Restate the full listing word for word and leave the pictures out.
··· Information shown
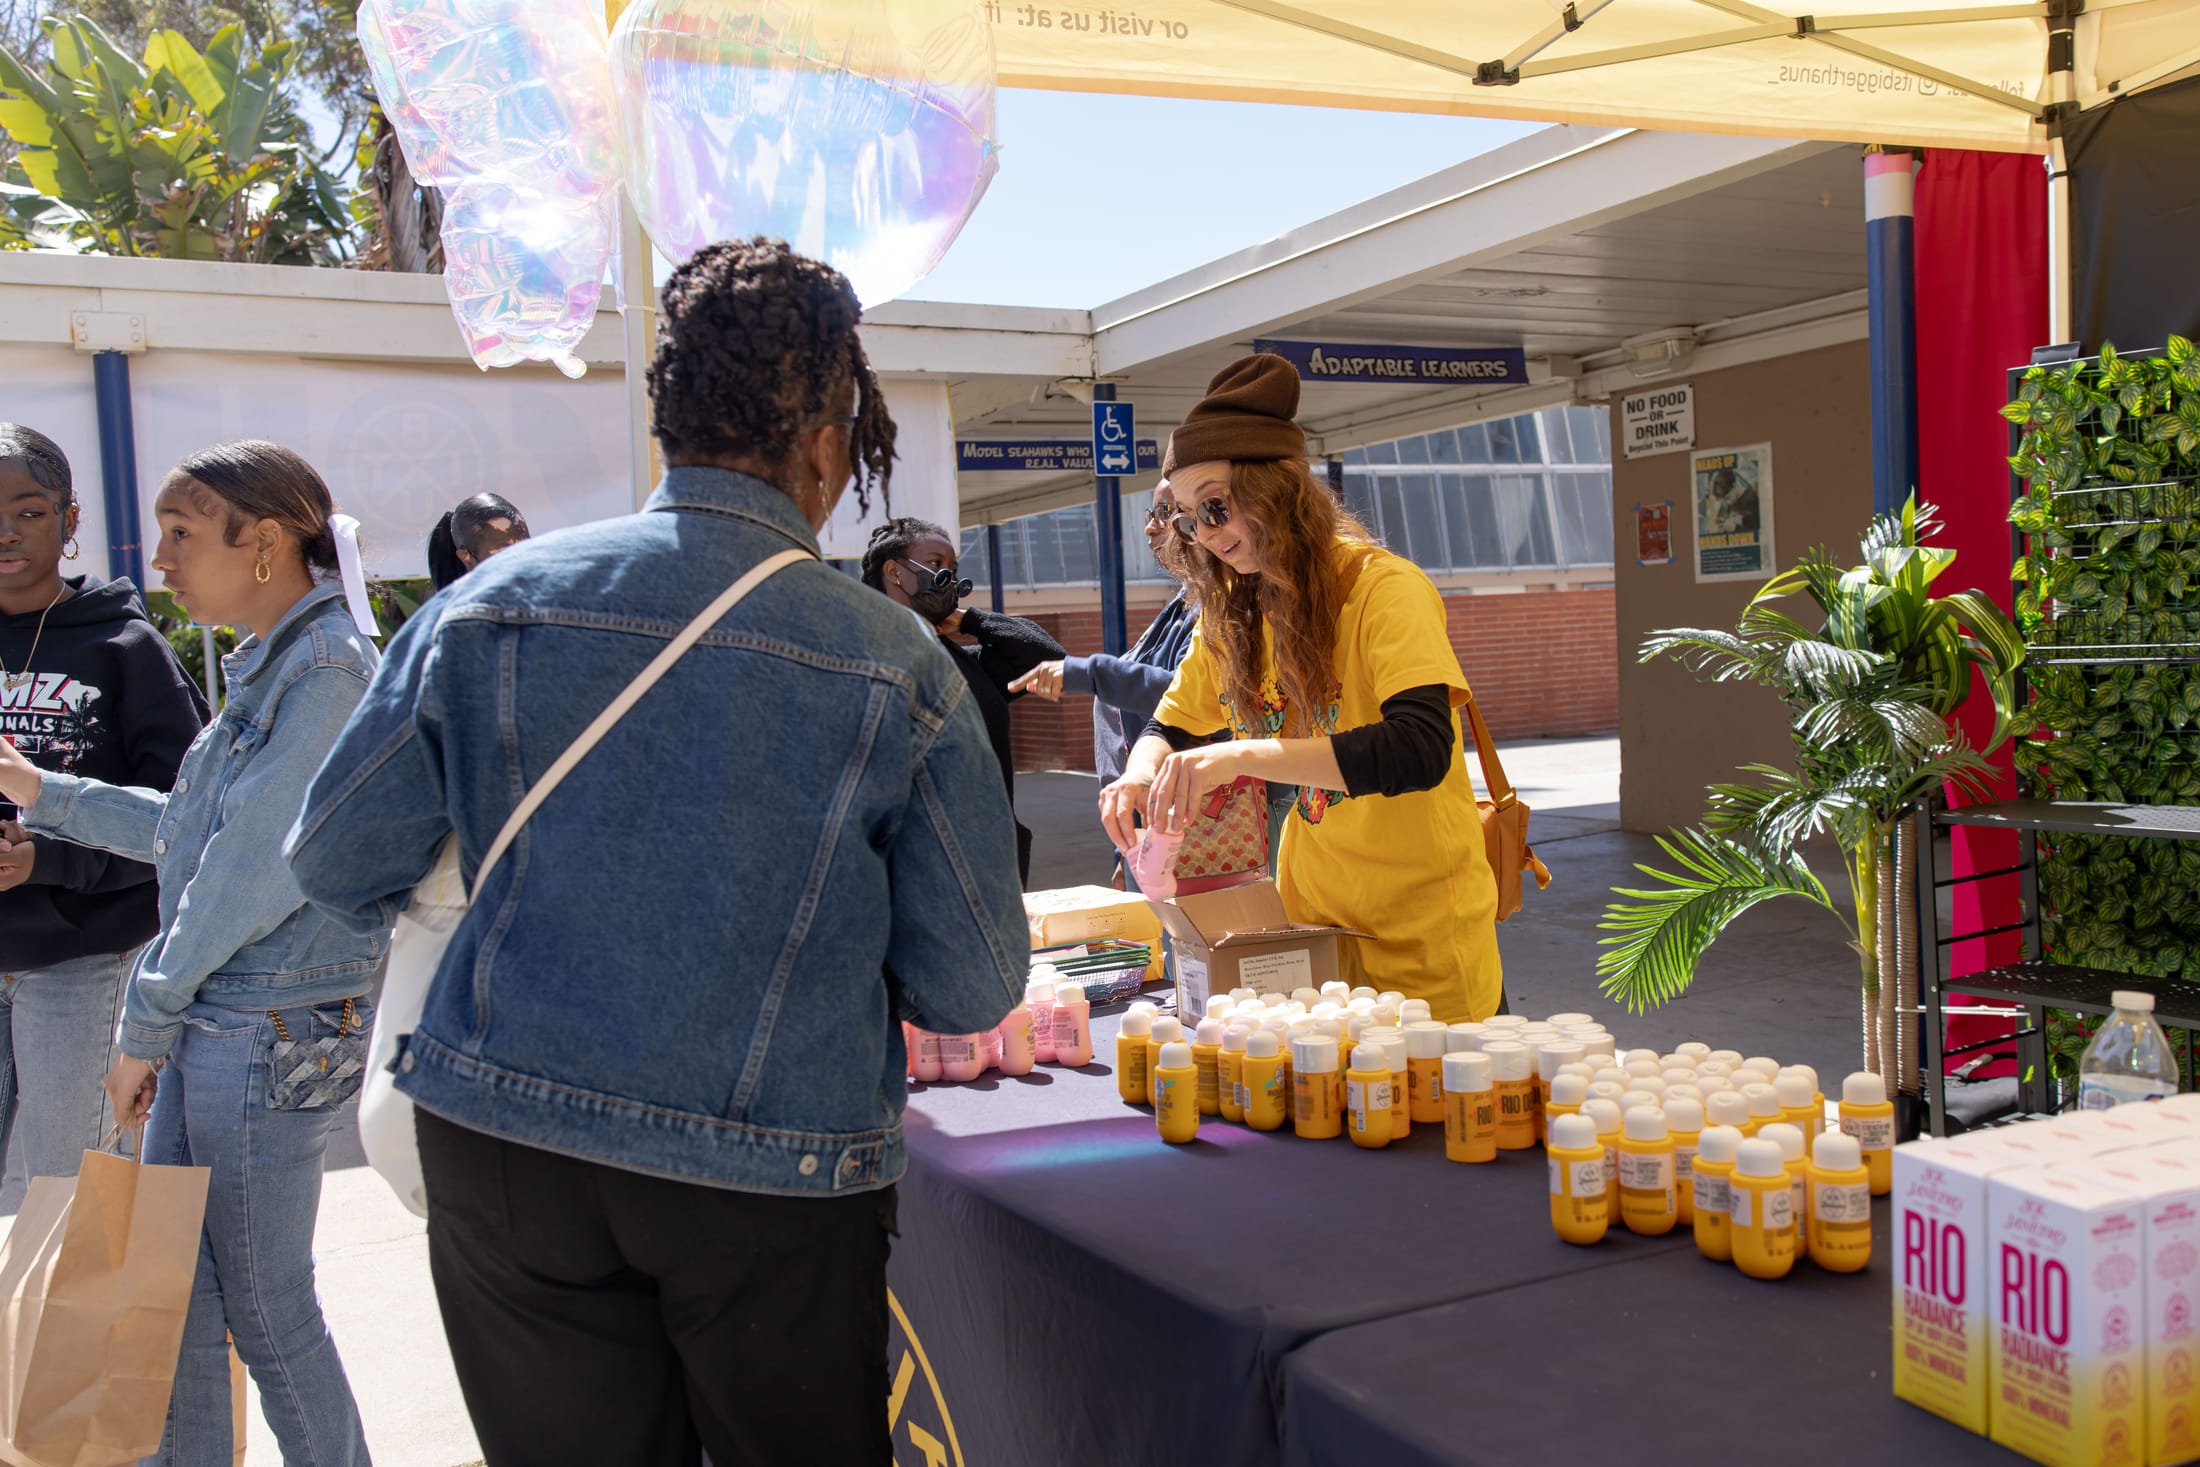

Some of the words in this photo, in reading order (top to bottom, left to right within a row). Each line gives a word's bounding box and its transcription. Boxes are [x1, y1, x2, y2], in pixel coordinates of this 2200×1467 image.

[1309, 348, 1417, 377] ADAPTABLE
[1421, 359, 1508, 378] LEARNERS
[1627, 399, 1645, 414] NO
[1650, 391, 1687, 409] FOOD
[1649, 410, 1664, 421] OR
[1636, 420, 1679, 440] DRINK
[963, 443, 1003, 458] MODEL
[1008, 445, 1063, 457] SEAHAWKS
[1067, 445, 1090, 457] WHO
[1138, 445, 1156, 456] OUR
[0, 715, 55, 733] NALS
[1502, 1095, 1520, 1114] RIO
[1904, 1208, 1966, 1306] RIO
[2001, 1242, 2070, 1347] RIO
······
(Exercise result):
Some of the words in this photo, in reading order (top to bottom, left to right within a row). Each line gives a word's bounding box and its transcription. Boxes are [x1, y1, x2, y2], in pixel coordinates of this 2200×1467 image.

[1309, 348, 1417, 377] ADAPTABLE
[1421, 359, 1508, 378] LEARNERS
[1627, 399, 1645, 414] NO
[1650, 391, 1687, 409] FOOD
[1649, 410, 1664, 421] OR
[1636, 420, 1679, 440] DRINK
[963, 443, 1003, 458] MODEL
[1008, 445, 1063, 457] SEAHAWKS
[1067, 445, 1090, 457] WHO
[1138, 445, 1156, 456] OUR
[0, 715, 55, 733] NALS
[1502, 1095, 1520, 1114] RIO
[1904, 1208, 1966, 1306] RIO
[2001, 1242, 2070, 1347] RIO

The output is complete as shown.